Она поразилась, когда не нашла в гостиной никакого старика в халате. У камина сидел благообразный джентльмен в пиджаке из толстого твида, в войлочной шляпе, старомодных брюках и кожаных штиблетах; на руках его были кожаные перчатки. В зубах — трубка. Вылитый Шерлок Холмс.
— Ты просто неотразим! — только и сказала Мерри.
— Благодарю вас, мадам, — ответил джентльмен, по-английски четко выговаривая каждое слово.

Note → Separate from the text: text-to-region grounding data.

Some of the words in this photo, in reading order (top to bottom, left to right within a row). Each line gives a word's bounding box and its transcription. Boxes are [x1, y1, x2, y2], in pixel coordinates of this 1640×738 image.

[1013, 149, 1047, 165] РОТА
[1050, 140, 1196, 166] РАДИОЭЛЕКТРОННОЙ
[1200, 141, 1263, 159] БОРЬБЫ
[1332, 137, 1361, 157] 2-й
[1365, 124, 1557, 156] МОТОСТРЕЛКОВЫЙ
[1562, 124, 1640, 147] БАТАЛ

— Где только… — Мерри вовремя прикусила язык. — Этот костюм был в шкафу, стоящем в холле, не так ли.
— Вместе с другим комплектом одежды, но тот тесноват: не подошел, — уже своим нормальным голосом сообщил Дейв. — Просто боюсь спрашивать, кому все это принадлежит.

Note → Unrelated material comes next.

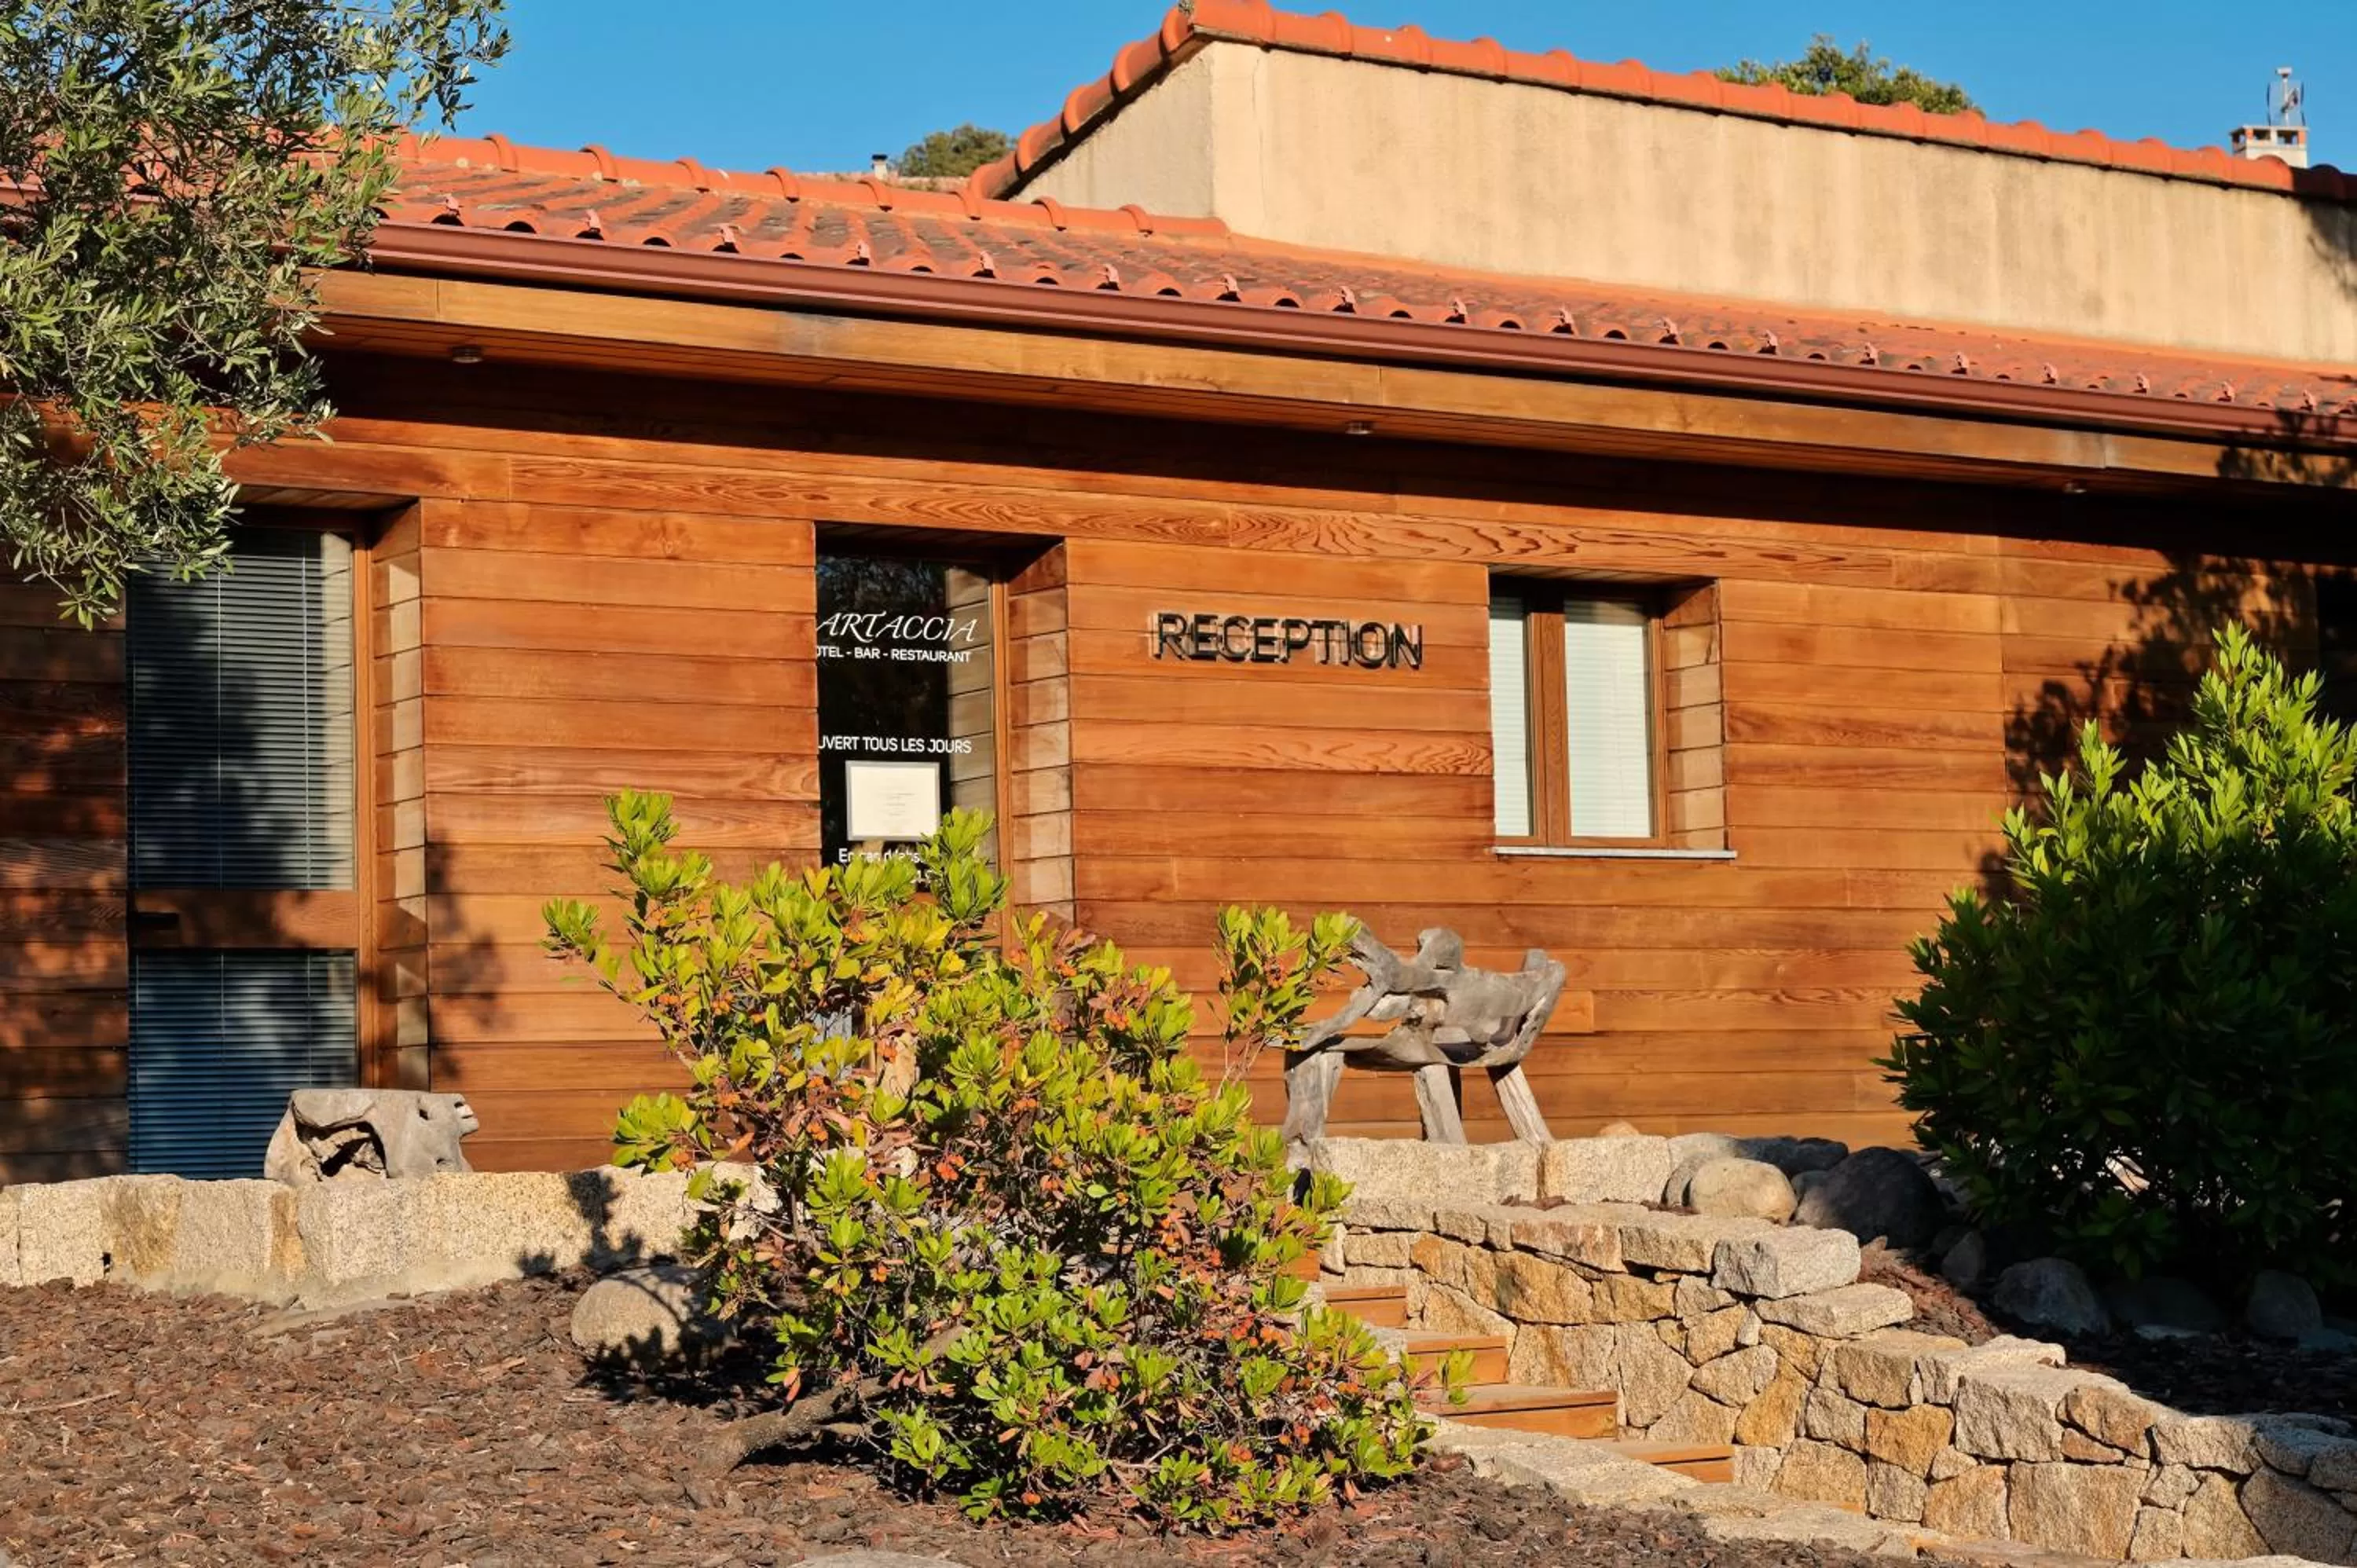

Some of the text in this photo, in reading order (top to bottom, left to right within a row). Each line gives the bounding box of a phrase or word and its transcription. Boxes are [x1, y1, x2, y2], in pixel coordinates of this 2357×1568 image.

— В прошлом году на День всех святых мы с моим партнером решили, что нашим клиентам понравится, если мы устроим маленький маскарад. — Воспоминания вызвали у Мерри улыбку. — Билл оделся Шерлоком Холмсом, я — доктором Ватсоном. Все пришли в восторг. Тогда я подумала, что костюмы пригодятся для следующего года.
— В плечах немного тесновато, но в общем выглядит прилично. — Дейв подошел к шкафу и, достав оттуда лыжную куртку, помог Мерри надеть ее. — Так, дай-ка посмотрю. Я пришел к заключению, что вы с вашим партнером сработались хорошо, но он женат на другой женщине.
— Замечательно, Шерлок. — Мерри поправила капюшон у девочки, убрав выбившуюся темную прядку. — Однако каким образом вы это установили?
— Элементарно, дорогая Ватсон. — Дейв извлек из кармана пиджака смятую бумажку. Это была записка с поручением Биллу купить кое-что из провизии. Внизу стояла подпись: «Люблю тебя. Сью».
— Но у тети Мерри фамилия совсем не Ватсон, — заметила Стеффи.
— Это мы шутим, — пояснила Мерри, направляясь с девочкой к выходу. — Делаем вид, будто мы — герои одной книги. А теперь пойдем полюбуемся снегом, да?
Она распахнула дверь и вдохнула бодрый утренний воздух, напоенный ароматом сосен. С конца улицы доносились крики детей, посредине пролегла наезженная санками колея. Но вокруг снег все еще оставался нетронутым. Он превратил обыденные кирпичные дома, оголенные деревья и замершие на стоянке автомобили в детали пейзажа сверкающей фантастической страны.
— Домики такие низенькие, — заметила Стеффи, бросив взгляд вдоль улицы.
Дейв рассмеялся и подбросил ее на руках. Девочка залилась смехом.
— Это Нашвилл, а не Нью-Йорк. У нас здесь тоже есть небоскребы, но мы предпочитаем жить в обычных домах.
— Я тоже. — Стеффи издала вопль радости, когда Дейв покружил ее, взяв за руки, вокруг себя. — Еще, еще!
Наблюдая за этой увлеченно играющей и извалявшейся в снегу с ног до головы парой, Мерри почувствовала, как сердце сжала тоска по дням минувшим. Казалось, детство кончилось так давно, что была маленькой вовсе не Мерри, а кто-то другой. Теперь она поняла, что, имея в доме ребенка, человек вновь переживает начало собственной жизни. У нее тоже бывали дни, подобные этому, когда отец еще был жив, и пара его сильных рук и захватывающий дух полет над сугробами остались в памяти на долгие годы как одно из самых сильных впечатлений жизни.